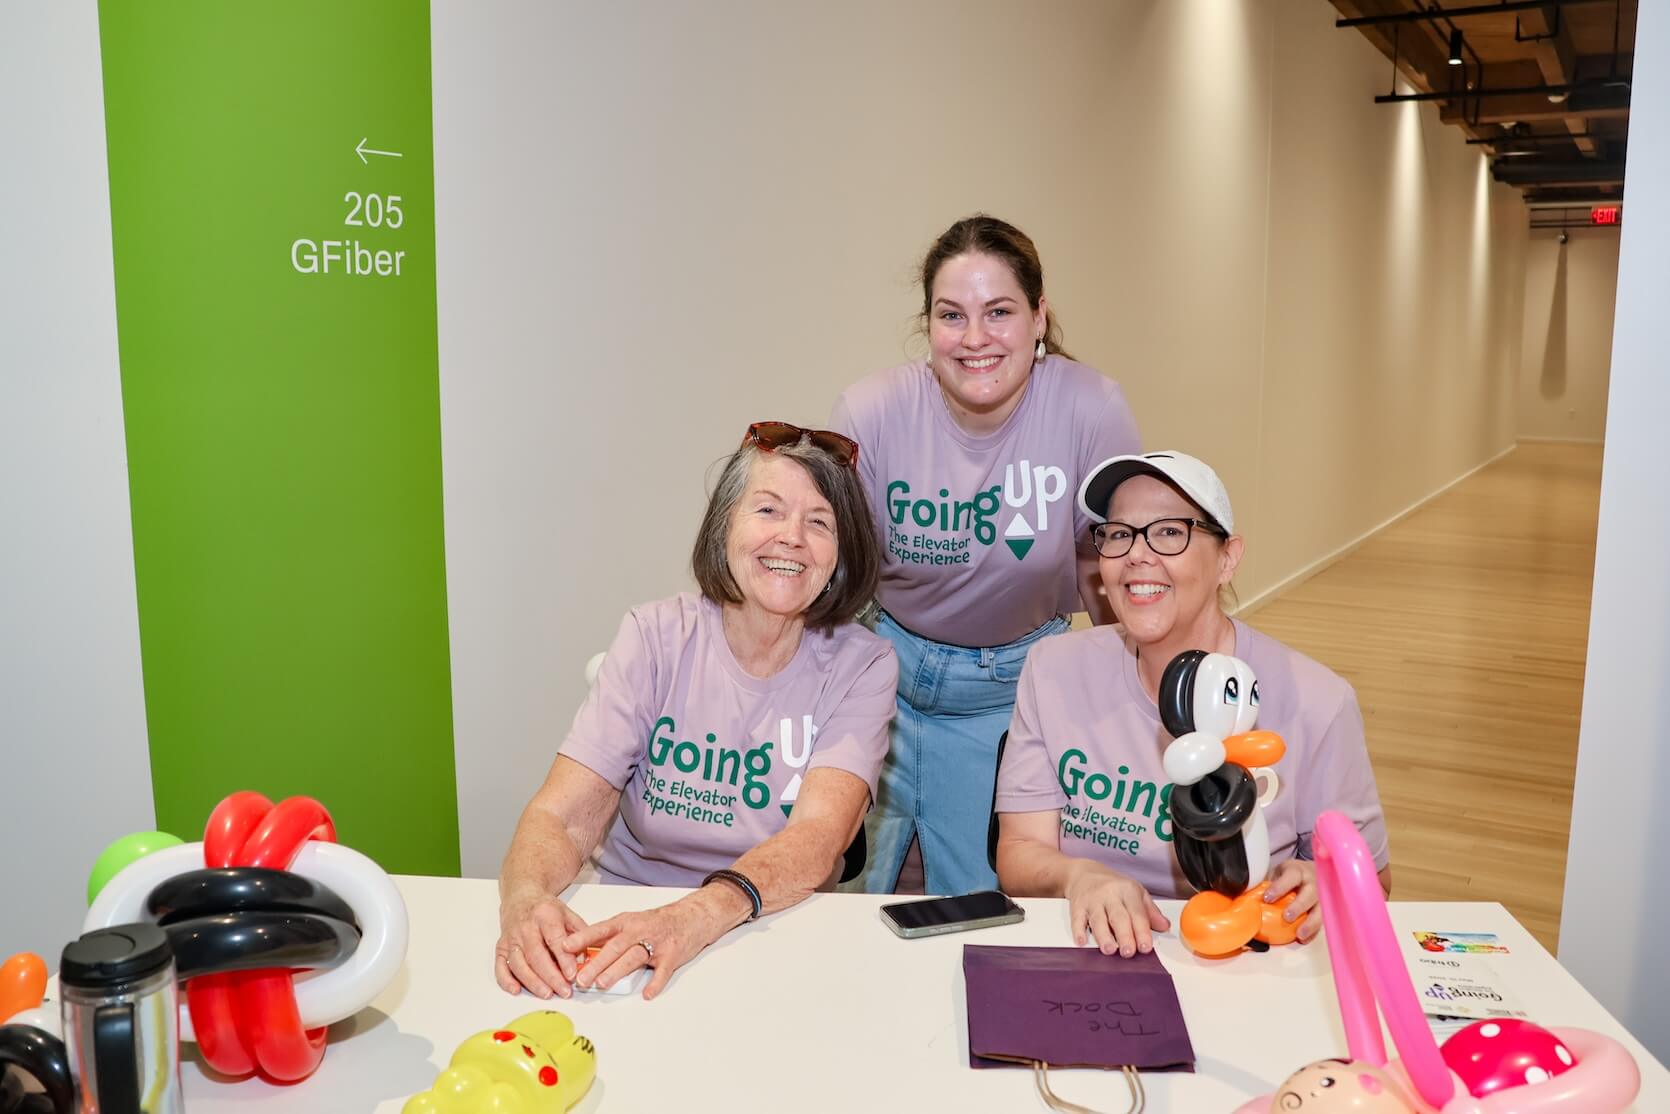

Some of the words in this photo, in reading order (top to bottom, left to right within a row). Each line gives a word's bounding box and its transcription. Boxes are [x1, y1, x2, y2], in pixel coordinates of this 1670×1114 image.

[344, 191, 403, 229] 205
[1597, 208, 1617, 224] EXIT
[291, 239, 405, 276] GFiber
[887, 480, 1002, 545] Going
[1004, 460, 1067, 531] Up
[889, 526, 908, 545] The
[913, 534, 970, 551] Elevator
[889, 541, 970, 565] Experience
[648, 716, 774, 810] Going
[780, 715, 819, 768] U
[643, 789, 734, 828] Experience
[671, 780, 737, 808] Elevator
[1060, 818, 1140, 856] xperience
[1042, 1000, 1142, 1017] Dock
[1088, 1020, 1160, 1036] The
━━━━━━━━━━━━━━━━━━━━
Exercise –
Print the whole listing exactly. No pictures belong in the copy.

Response –
Some of the words in this photo, in reading order (top to bottom, left to right within a row). Each line gives a word's bounding box and its transcription. Boxes are [x1, y1, x2, y2], in pixel coordinates of this 1670×1114 image.

[344, 191, 403, 229] 205
[1597, 208, 1617, 224] EXIT
[291, 239, 405, 276] GFiber
[887, 480, 1002, 545] Going
[1004, 460, 1067, 531] Up
[889, 526, 908, 545] The
[913, 534, 970, 551] Elevator
[889, 541, 970, 565] Experience
[648, 716, 774, 810] Going
[780, 715, 819, 768] U
[643, 789, 734, 828] Experience
[671, 780, 737, 808] Elevator
[1060, 818, 1140, 856] xperience
[1042, 1000, 1142, 1017] Dock
[1088, 1020, 1160, 1036] The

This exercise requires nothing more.